Conclusion and perspectives

The evidences summarized in this review indicate that adenosine through the interaction with A2 and A3 receptors plays a crucial role in the regulation of immune cells. The most important therapeutic implication arising from the data summarized above is that A2A receptors, proposed as ‘natural–brakes of inflammation, appear to represent a promising pharmacological target to treat a wide variety of diseases characterized by a strong immunoinflammatory component. On the other hand, it may be advantageous in some circumstances to enhance certain aspects of inflammation in order to eliminate the causative agent, as in the case of cancer. In fact, it has to be remarked that tumour defence mechanisms are akin to inflammatory processes.

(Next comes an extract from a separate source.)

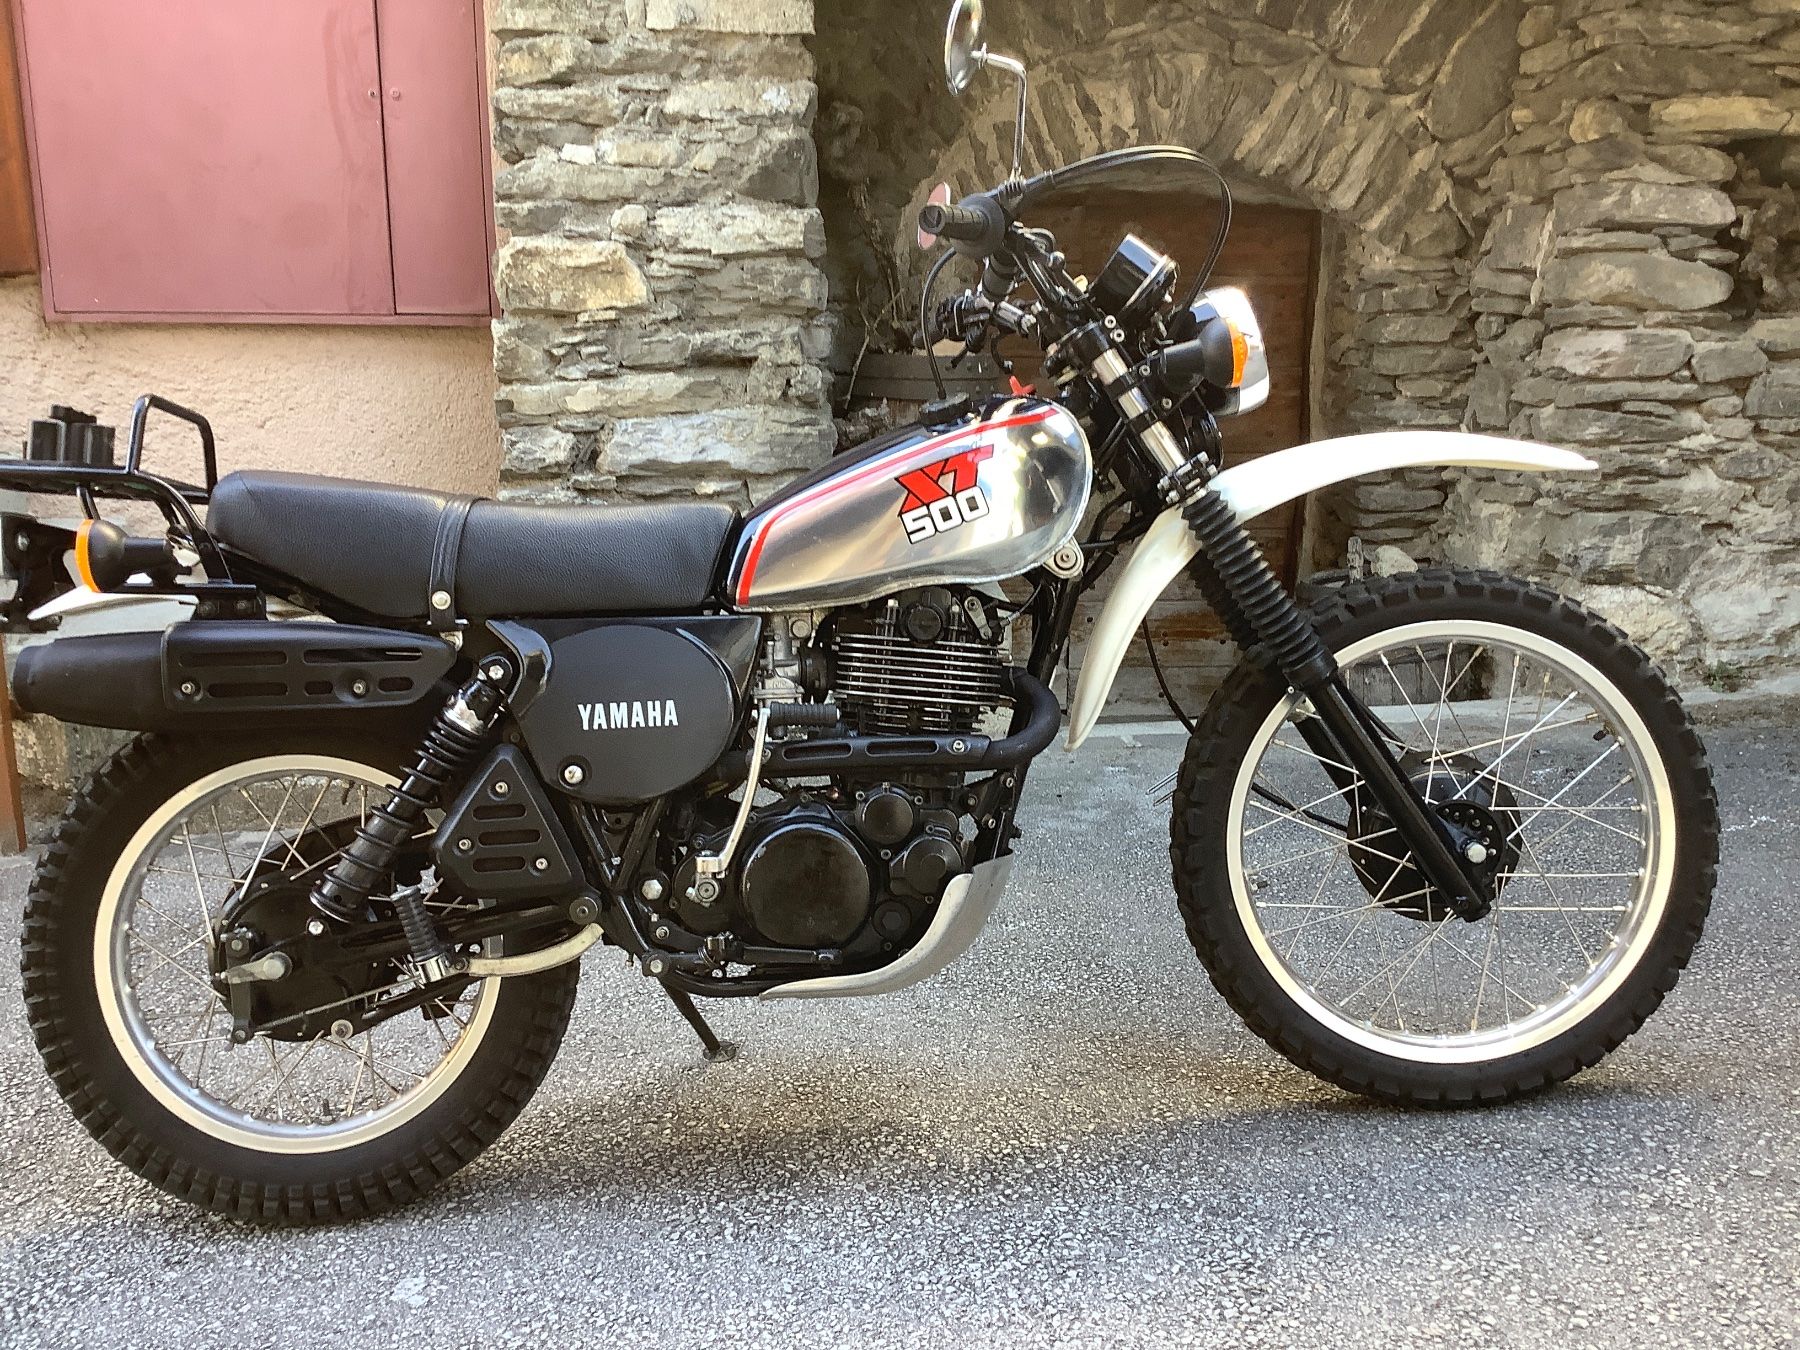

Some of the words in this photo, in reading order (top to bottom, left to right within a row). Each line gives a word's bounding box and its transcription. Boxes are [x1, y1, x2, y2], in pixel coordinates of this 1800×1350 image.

Solid tumours, due to their abnormal vasculature, are often hypoxic and show increased levels of adenosine that may be an important mediator of tumour-associated immunosuppression. It is likely that killer T cells that may be recruited against cancer cells fail to act in an effective manner due to the high level of adenosine in the tumour microenvironment. Because several of these immunosuppressive functions have been attributed to the stimulation of A3 and A2A receptors, expressed on the surface of T cells, adenosine antagonists of these subtypes may be potentially useful in the immunotherapy of cancer.